We've driven $100M+ in sales with our small 12 person agency so far.
1. Adopt a Mindset That Mixes Brand Awareness With Direct Response
Most advertisers I see advertising on social media have polarized strategies when it comes to social video; they’re either traditionally minded and focused completely on brand awareness to get results or they're e-commenced minded and focused completely on the immediate sale at the expense of the brand.
For decades, marketers have been disciplined to place ads and track anything they can, but at the end of the day make decisions based on overall sales lift and brand studies. Nowadays in the e-commerce world, marketers expect to perfectly track and attribute every single A to B purchase using advanced tracking technology.
Together both of these mindsets are correct, but independently they are wrong. Both are needed to succeed and see the whole picture.
I see some social advertisers making massive top funnel videos with no plan to engage the customer beyond that, and a majority of them fully dependent on mid to low funnel static images with lifestyle photos, or offers, or dynamic product ads. You need both. You need to think like Nike and also think like some underworld affiliate marketer.

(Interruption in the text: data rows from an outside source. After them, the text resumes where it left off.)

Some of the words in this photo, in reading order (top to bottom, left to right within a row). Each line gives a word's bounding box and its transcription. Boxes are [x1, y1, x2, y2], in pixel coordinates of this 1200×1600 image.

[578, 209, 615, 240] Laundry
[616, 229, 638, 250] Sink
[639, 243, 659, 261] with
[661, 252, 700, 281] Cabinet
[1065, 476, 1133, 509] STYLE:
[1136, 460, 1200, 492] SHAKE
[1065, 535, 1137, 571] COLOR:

2: Focus on the whole Funnel: High, Mid, and Low
When you plan out your content, make video that engages, entertains, and educates as your first touch point. The longer you can go with it still being interesting and exciting, the better. If you pass a cookware salesman in Costco who's boring, you're going to keep walking (aka scrolling or skipping them). If they’re impossible to look away from, you may stand there for 2, 3, 5 minutes and before you know it you're buying cookware you didn't even know you needed. Treat your first interaction with a customer like that in what's called a high funnel video, and don't be afraid to sell hard.

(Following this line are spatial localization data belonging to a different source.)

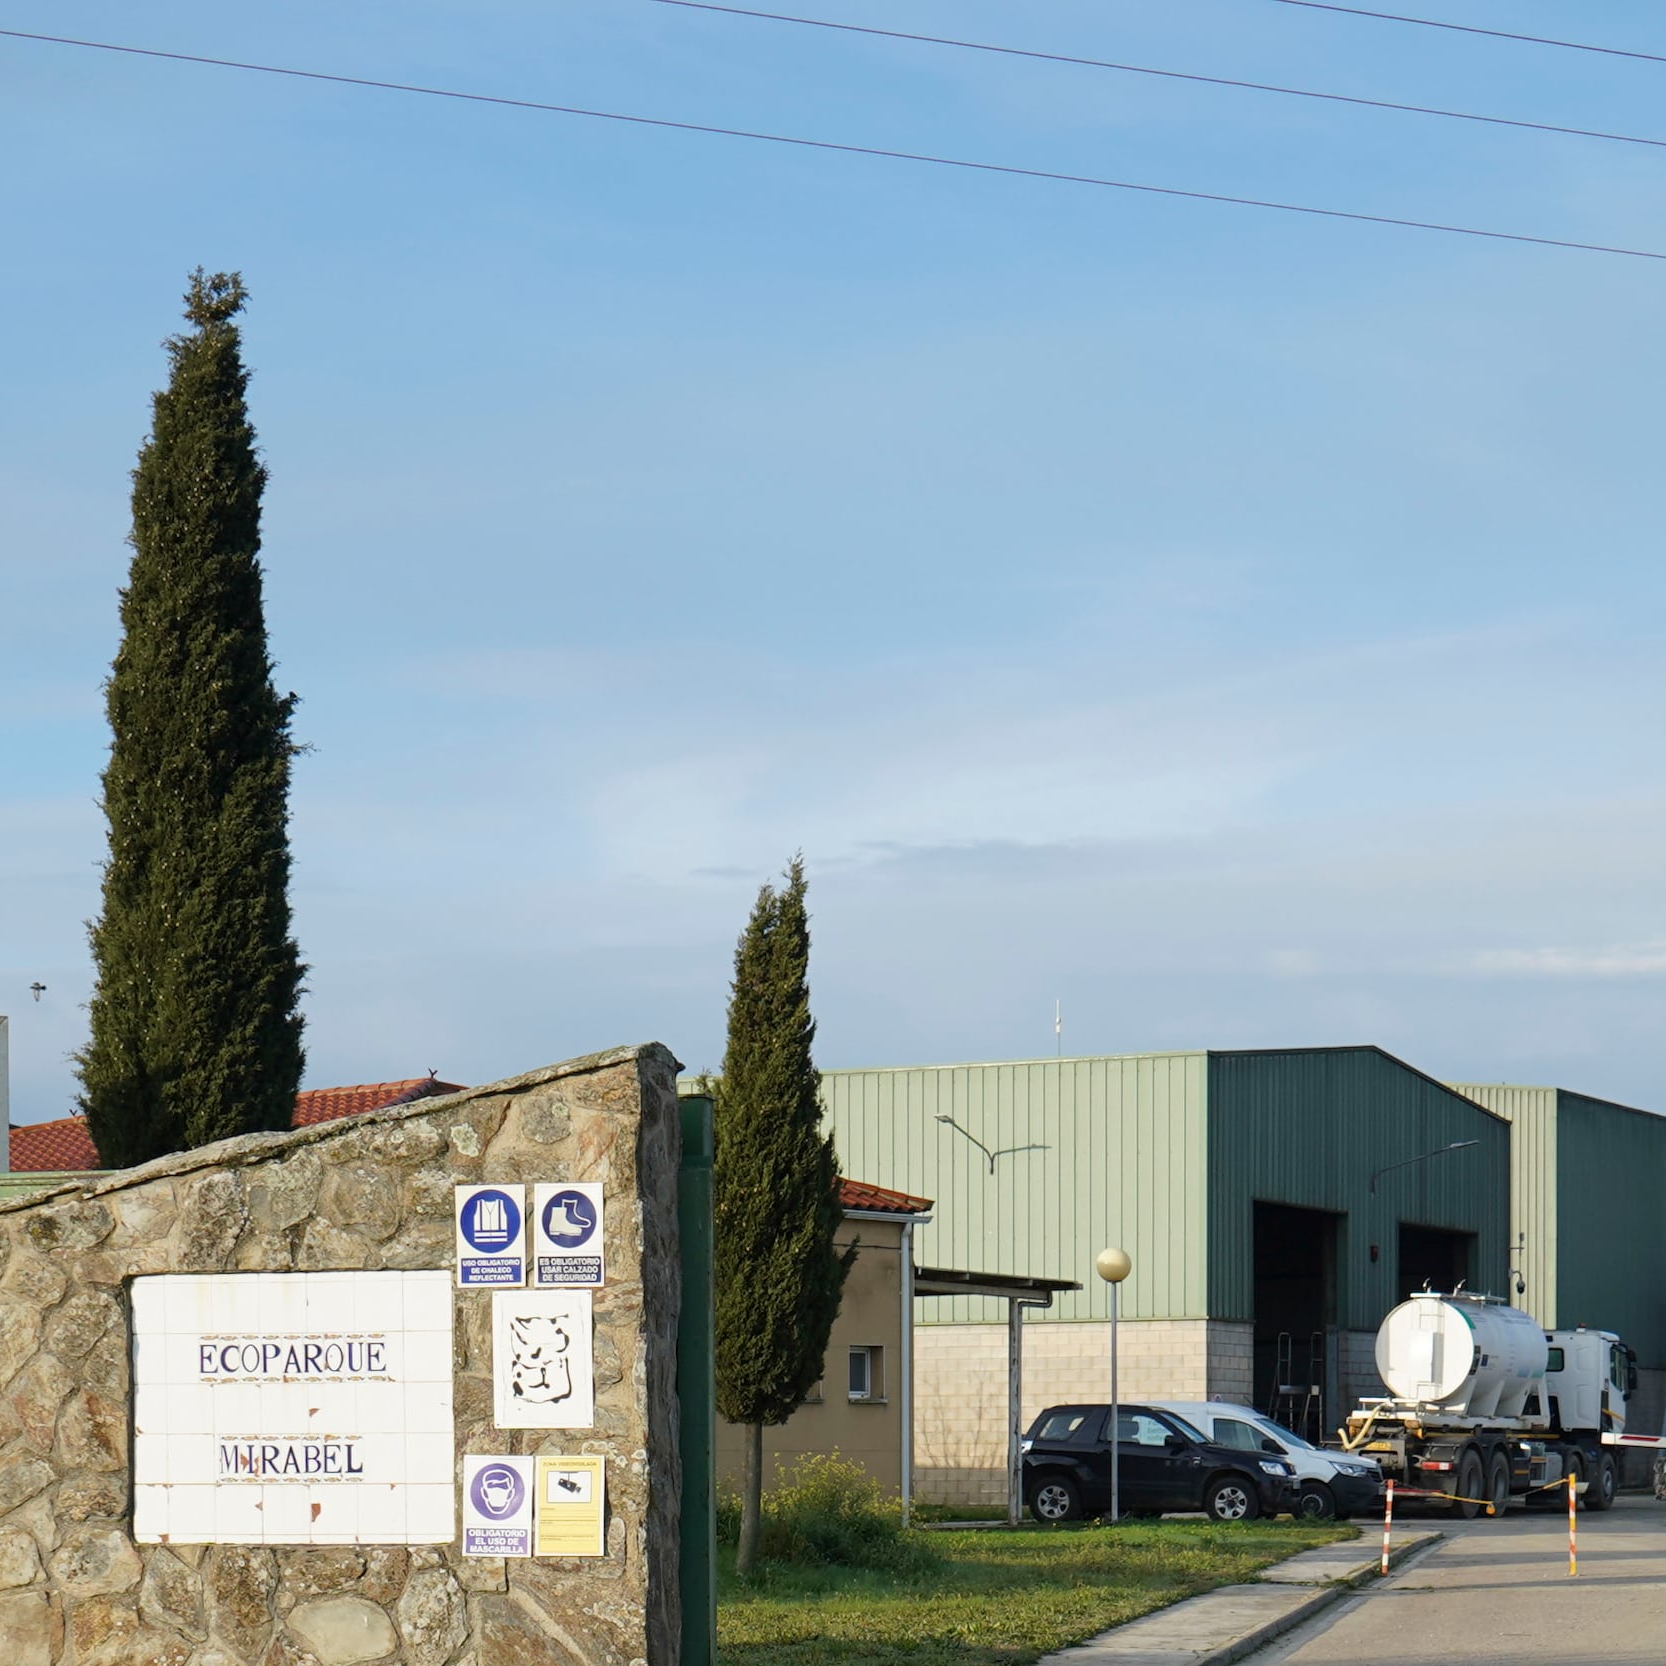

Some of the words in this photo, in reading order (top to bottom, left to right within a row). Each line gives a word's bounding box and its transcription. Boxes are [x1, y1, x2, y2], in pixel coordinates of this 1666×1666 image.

[462, 1259, 476, 1267] USO
[477, 1259, 521, 1267] OBLIGATORIO
[539, 1258, 550, 1266] ES
[551, 1258, 600, 1266] OBLIGATORIO
[541, 1266, 562, 1274] USAR
[563, 1266, 599, 1274] CALZADO
[469, 1274, 514, 1282] REFLECTANTE
[542, 1274, 553, 1282] DE
[554, 1274, 597, 1282] SEGURIDAD
[199, 1342, 387, 1374] ECOPARQUE
[220, 1444, 364, 1475] MIRABEL
[468, 1529, 526, 1538] OBLIGATORIO
[475, 1537, 486, 1545] EL
[487, 1537, 506, 1545] USO
[509, 1537, 519, 1545] DE
[469, 1545, 524, 1553] MASCARILLA

We've made dozens of such videos ranging from $2,000 productions all the way to $300,000 specifically for Facebook and YouTube, such as this one for Nerd Skincare with social influencer Laura Clery or with influencer Manon Mathews and JP Sears for PiperWai, for Transparent Labs, or this lower budget one for Gurunanda Essential Oils.
After you've served your high funnel videos then later on serve those viewers mid to low funnel content that reminds, creates urgency, and provides credibility. This may include testimonials, offers, press features, origin story, message from the founder, product demonstration, or anything focused on overcoming potential concerns.

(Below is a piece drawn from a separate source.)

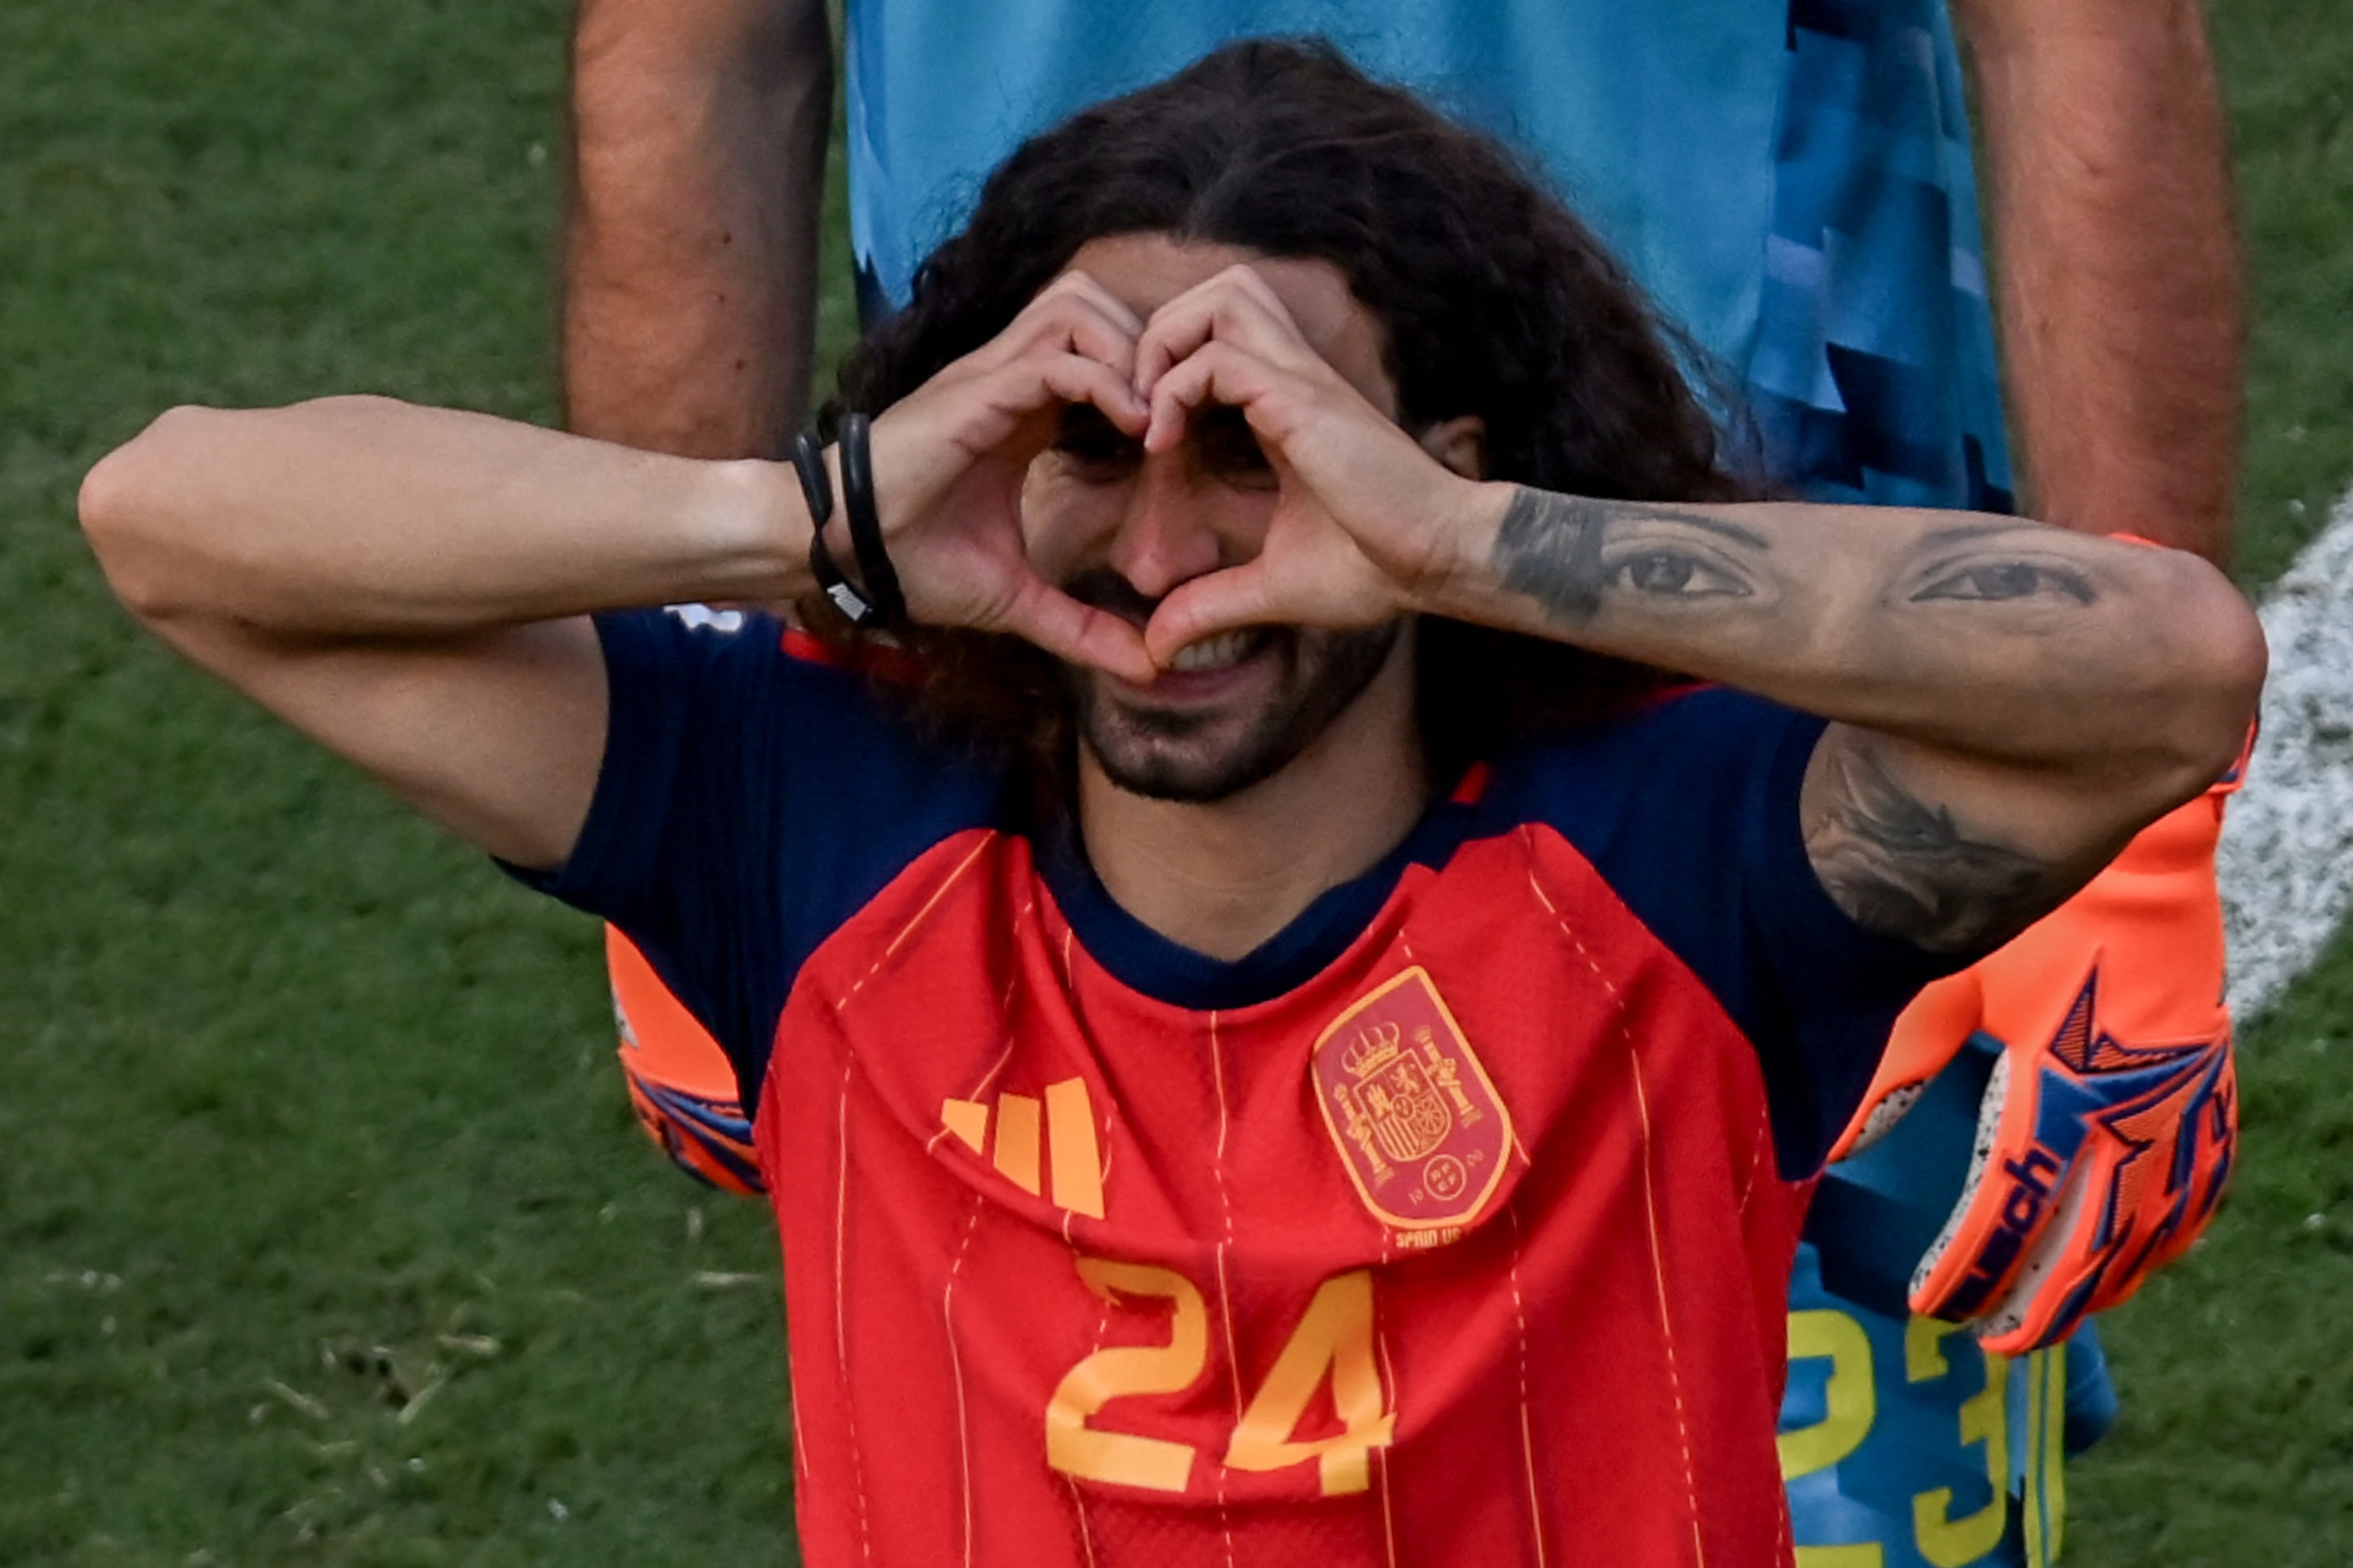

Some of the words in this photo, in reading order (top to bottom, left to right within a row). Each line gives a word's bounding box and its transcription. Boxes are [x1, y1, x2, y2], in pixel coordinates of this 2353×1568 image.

Just by engaging the customer through high, mid, and low funnel content, most brands could triple performance on this one tip alone within a few weeks.
3: Invest in Elite Ad Buying Talent
One of the most common pitfalls I see in the industry are brands unsuccessfully trying to scale with inexperienced, low paid, junior ad buyers. Facebook and YouTube have made efforts to make ad buying platforms intuitive for in-house marketers to use, but a majority of companies still have serious challenges in using industry best practices.
The role of social ad buyer is one of the most intellectually demanding in the whole marketing industry.
A high performing ad buyer must possess a rare ability in both left and right brain disciplines. In the right brain they must have deep experience and talent for identifying effective creative, copywriting, design, and sales psychology. In the left brain they must be able to have the natural mind of a programmer or mathematician, understanding how algorithms react, being able to solve complex problems using data that isn't just limited to ad accounts. They have to also have fundamental understanding of reporting, placing pixels in code and making sure attribution is functioning properly, A/B testing and how to improve conversion rate optimization on website. Even the best ad buyers can fail if they are sending traffic perfectly to a website that does not convert sales well.
Ad buying encompasses a job that should technically require a team of 5 experts to pull off, but unfortunately if they are lacking in any of these areas individually, they are unlikely to scale a given ad account at its full capacity. The industry demand for social ad buyers is liely 10X+ of supply, so most companies are hiring internal people who are not sufficiently qualified. The solution to this is only bringing a lead ad buyer in house if they are an $70,000/yr+ salary level person.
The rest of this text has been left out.